Текст книги "Собор Парижской Богоматери (сборник)"


Автор книги: Виктор Гюго



сообщить о нарушении

Текущая страница: 34 (всего у книги 82 страниц)

Никто не тронулся с места.

– Черт вас побери! – выругался Тристан. – Называетесь солдатами, а боитесь женщины!

– Монсеньор, – возразил Анриэ, – да разве это женщина?

– У нее грива, как у льва, – заметил один из солдат.

– Вперед! – скомандовал Тристан. – Отверстие достаточно широко. Полезайте туда по трое в ряд, как при осаде Понтуаза. Пора покончить с этим, черт возьми! Первого, кто вздумает отступить, я разрублю пополам.
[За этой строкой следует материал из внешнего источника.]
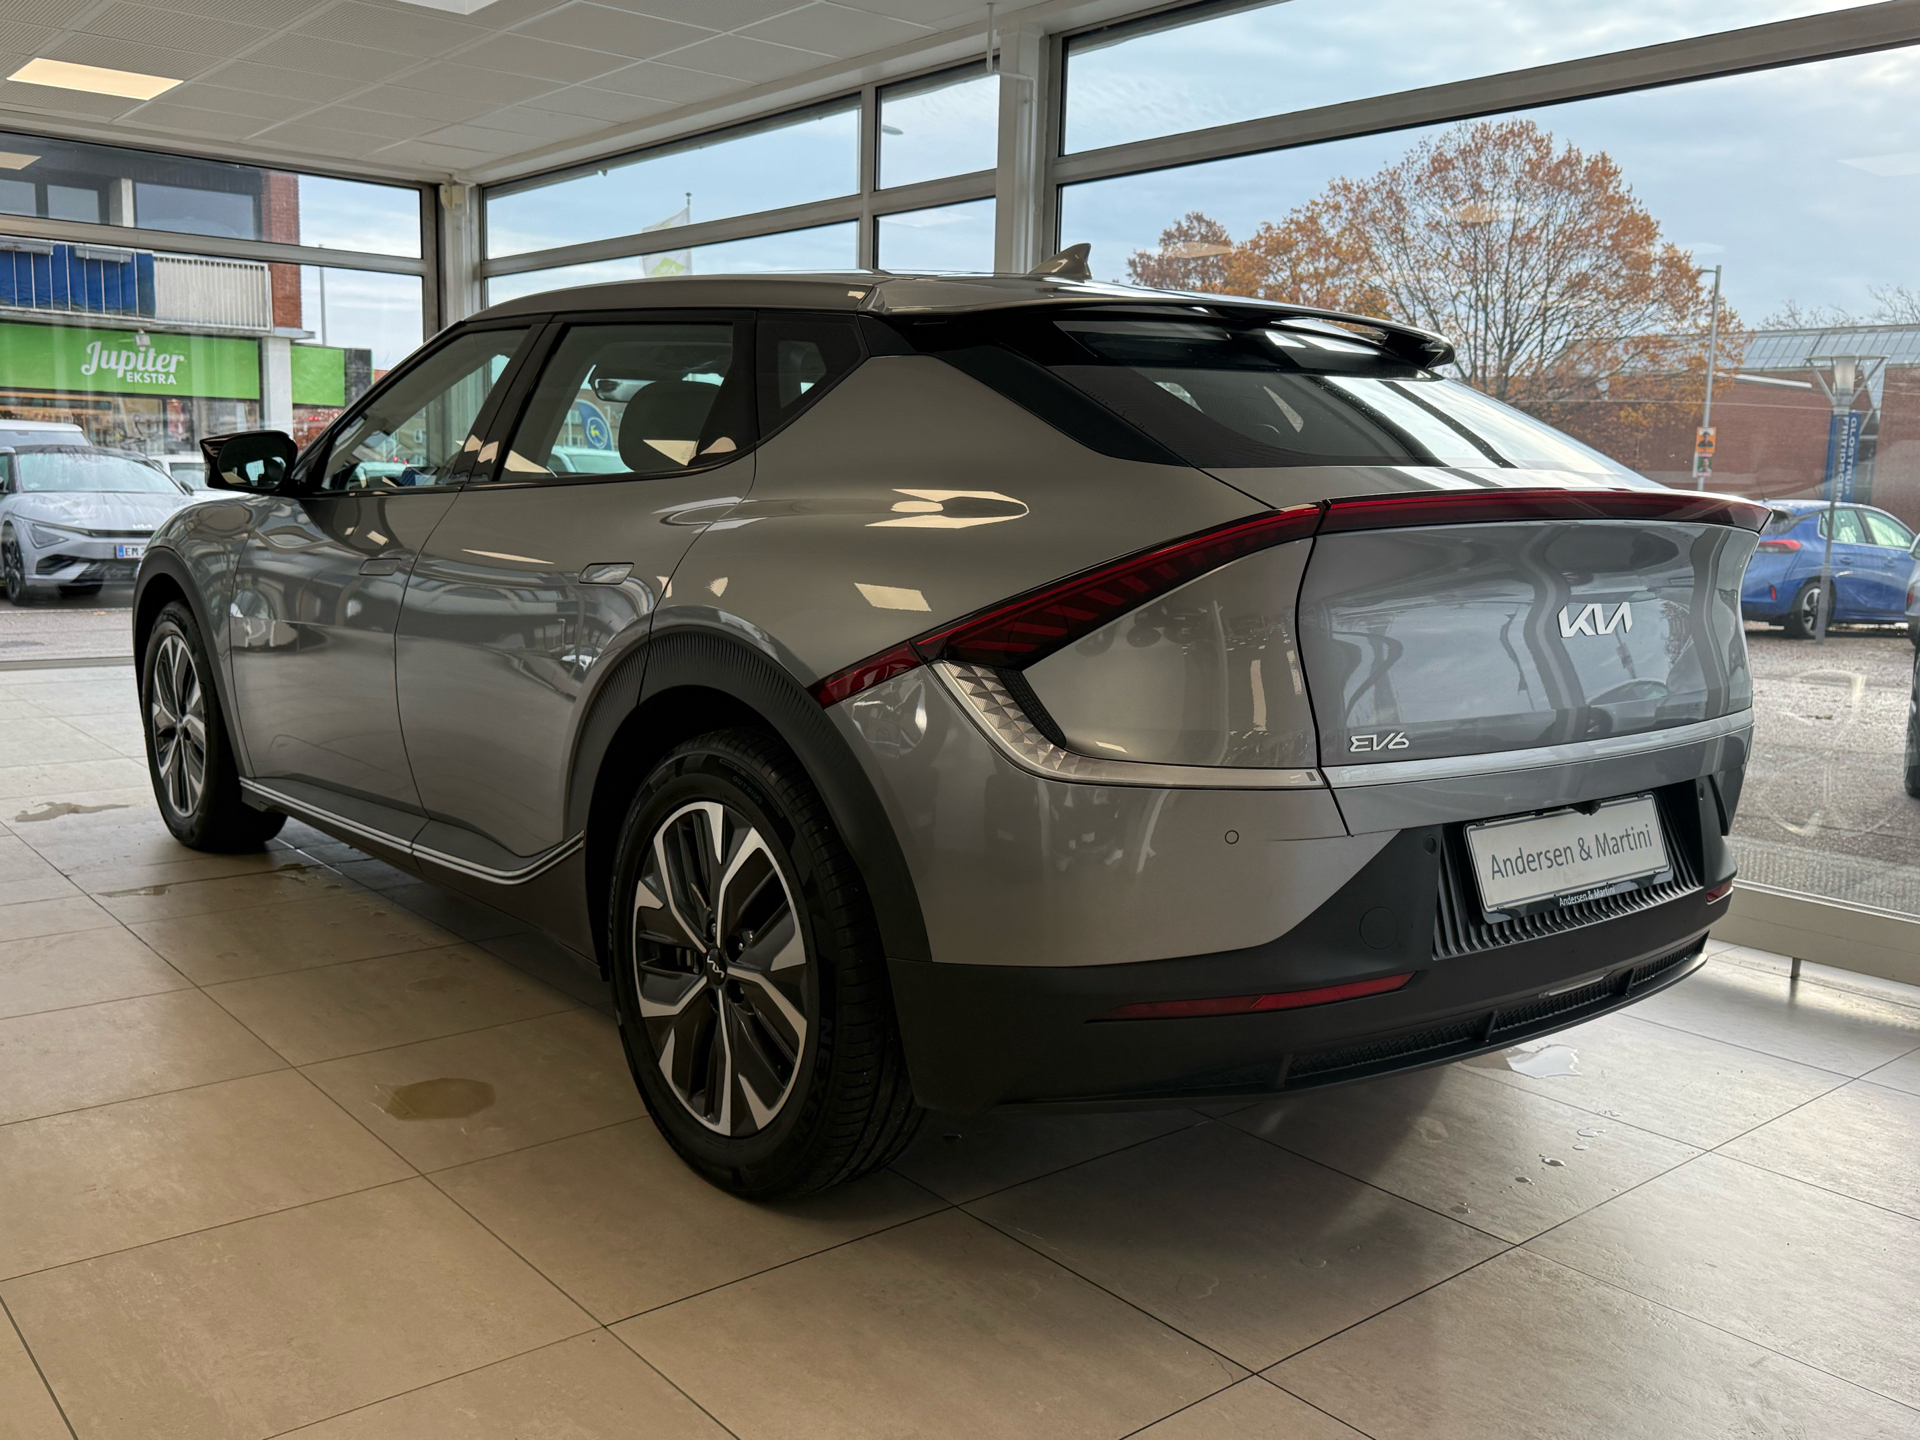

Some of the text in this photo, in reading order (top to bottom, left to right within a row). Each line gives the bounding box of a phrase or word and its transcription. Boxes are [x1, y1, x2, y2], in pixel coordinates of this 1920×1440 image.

Очутившись между угрожавшим начальником и угрожавшей матерью, солдаты поколебались немного, затем решительно двинулись к «Крысиной норе». Увидав это, затворница быстро встала на колени, откинула волосы с лица и снова беспомощно опустила свои исхудалые исцарапанные руки. Крупные слезы одна за другой закапали из ее глаз и побежали по бороздившим ее лицо морщинам, как ручей по проложенному им руслу. И в то же время она заговорила таким умоляющим голосом, так кротко, покорно и жалобно, что вокруг Тристана не один старый рубака, ни во что не ценивший человеческую жизнь, утирал глаза.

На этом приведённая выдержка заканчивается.